Pharmacologic and clinical characteristics of thrombolytic agents

Abstract

Arterial and venous thromboembolic events, including myocardial infarction, ischemic stroke, peripheral arterial thrombosis, deep venous thrombosis, and pulmonary embolism are common potentially life-, organ-, and limb-threatening vascular diseases. Anticoagulant therapy is recommended in these settings to prevent further thrombosis pending gradual clearance of the thrombotic occlusion by the endogenous fibrinolytic system. Recognition of the importance of the fibrinolytic system in thrombus resolution has resulted in the development of pharmacologic fibrinolytic (thrombolytic) agents to facilitate rapid restoration of vascular patency.

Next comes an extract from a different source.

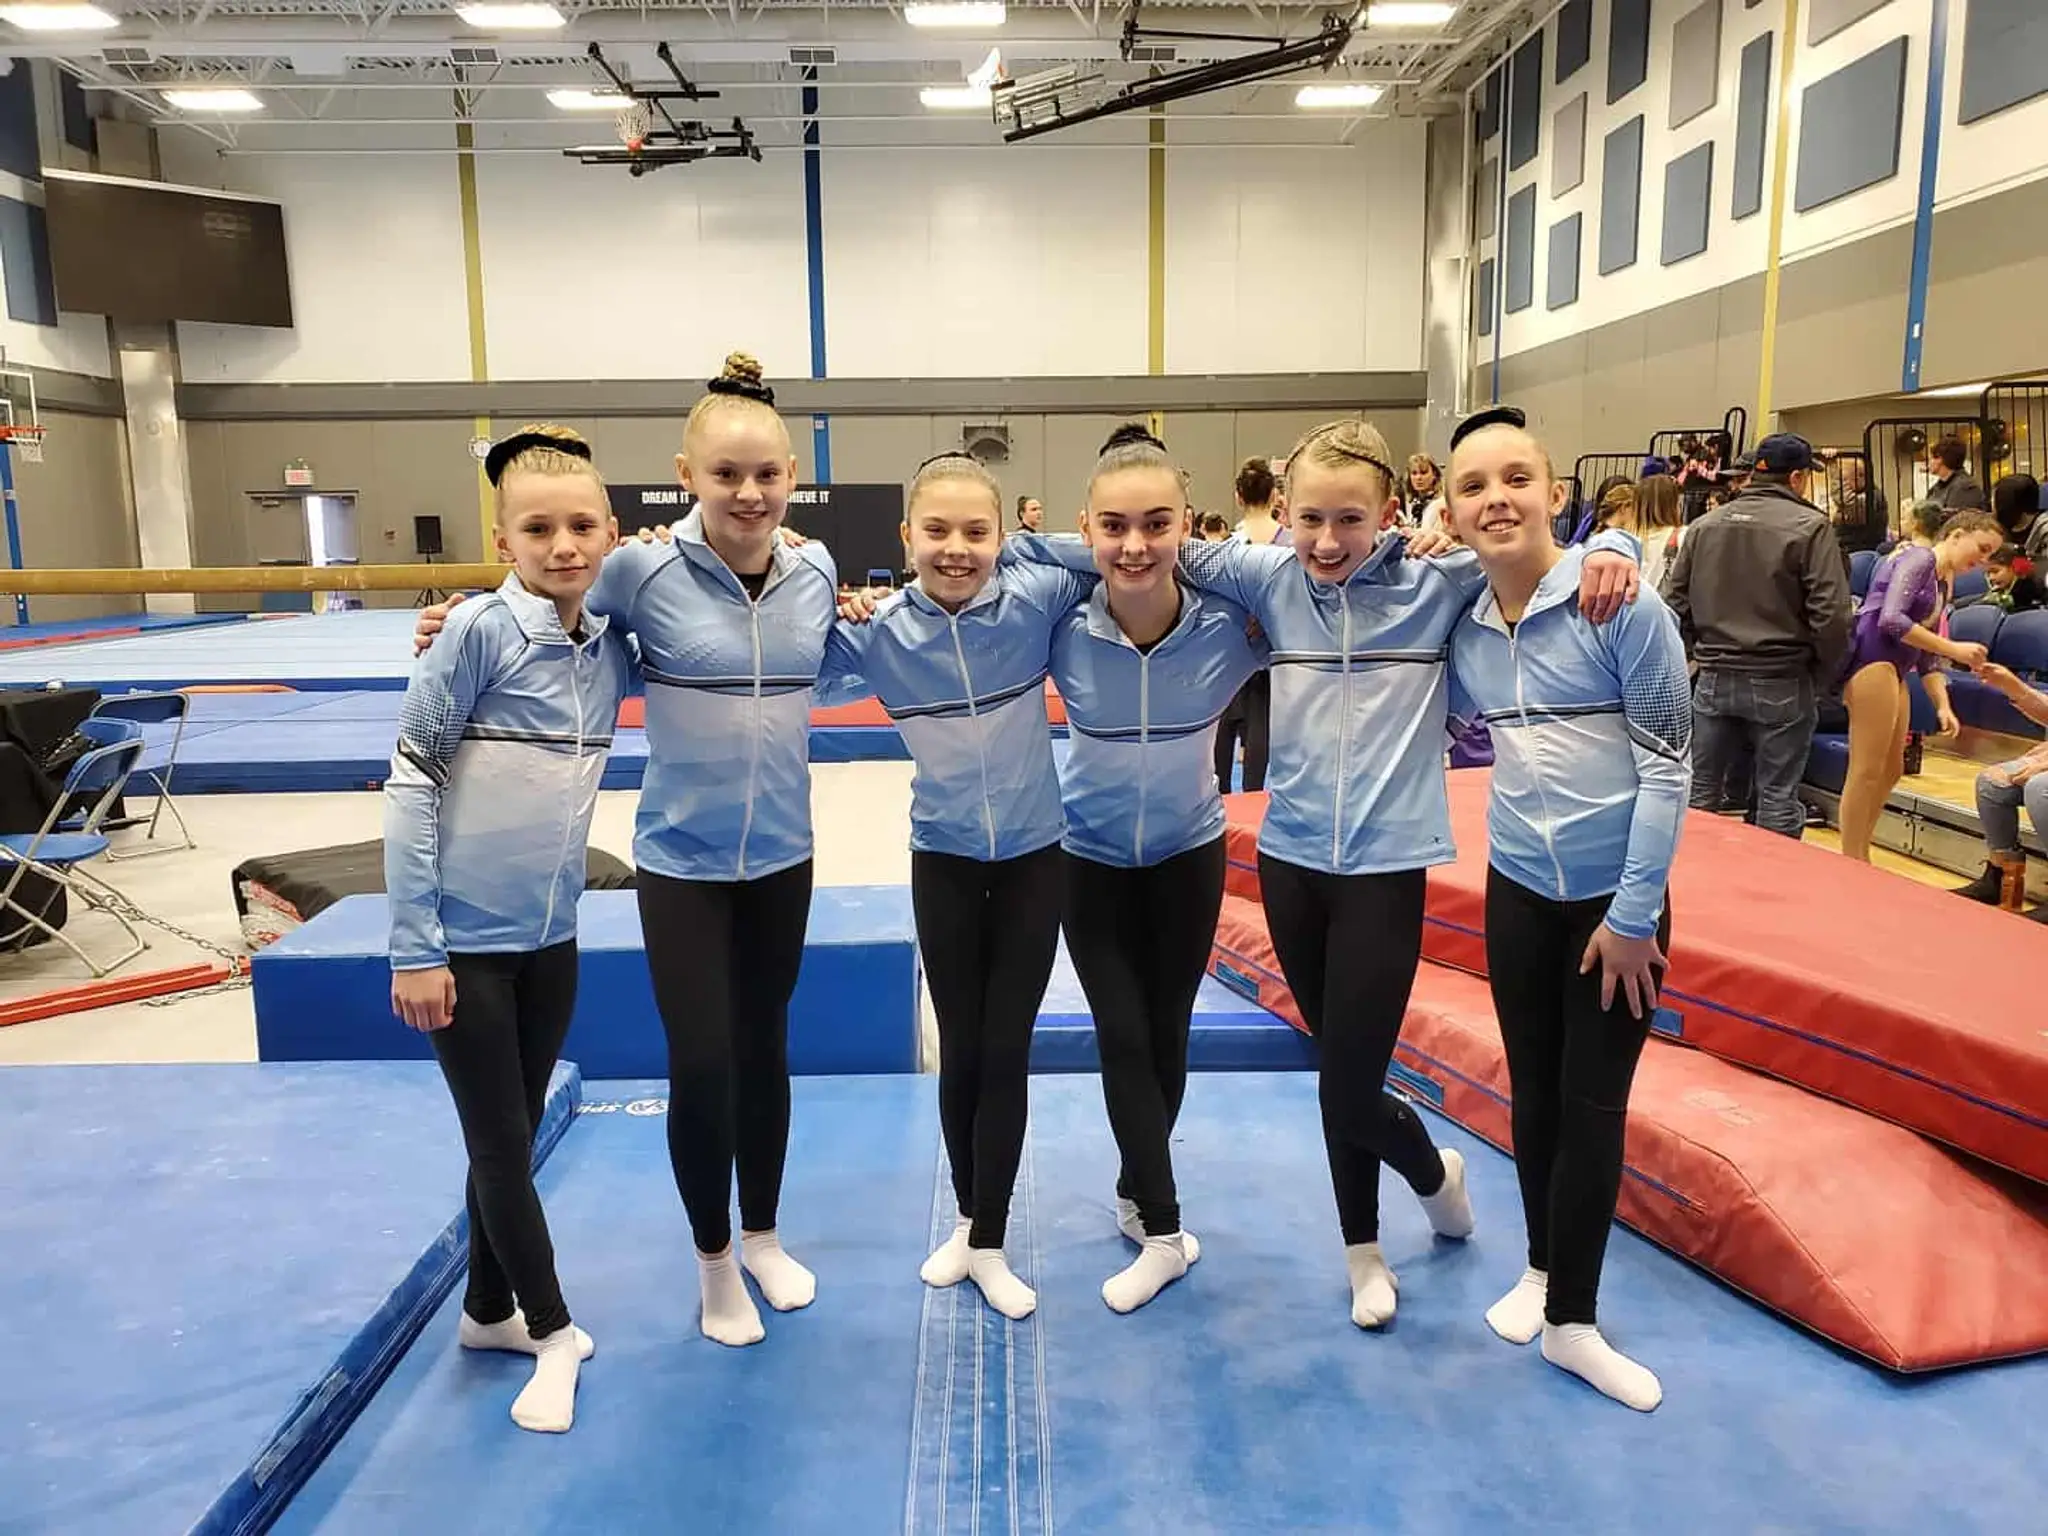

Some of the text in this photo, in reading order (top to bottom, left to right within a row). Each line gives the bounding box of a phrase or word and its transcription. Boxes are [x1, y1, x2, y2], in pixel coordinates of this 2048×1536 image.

[642, 491, 830, 504] DREAM IT HIEVE IT

Several plasminogen activator (PA) thrombolytic agents with different pharmacokinetic and pharmacodynamic properties have been developed to treat thrombotic disease. Newer PAs have been developed as "fibrin-specific", bolus-administration drugs to primarily treat acute coronary syndromes. Continuous infusions of these fibrin-specific PAs have become popular for the lysis relatively larger peripheral vascular thromboses. Loss infusion of newer tissue-type plasminogen activator-based PAs may result in an increased risk of bleeding, including intracranial hemorrhage. Currently available data fail to provide compelling evidence that newer PAs offer significantly greater efficacy and safety than well-established agents like urokinase when used to treat peripheral vascular thrombosis.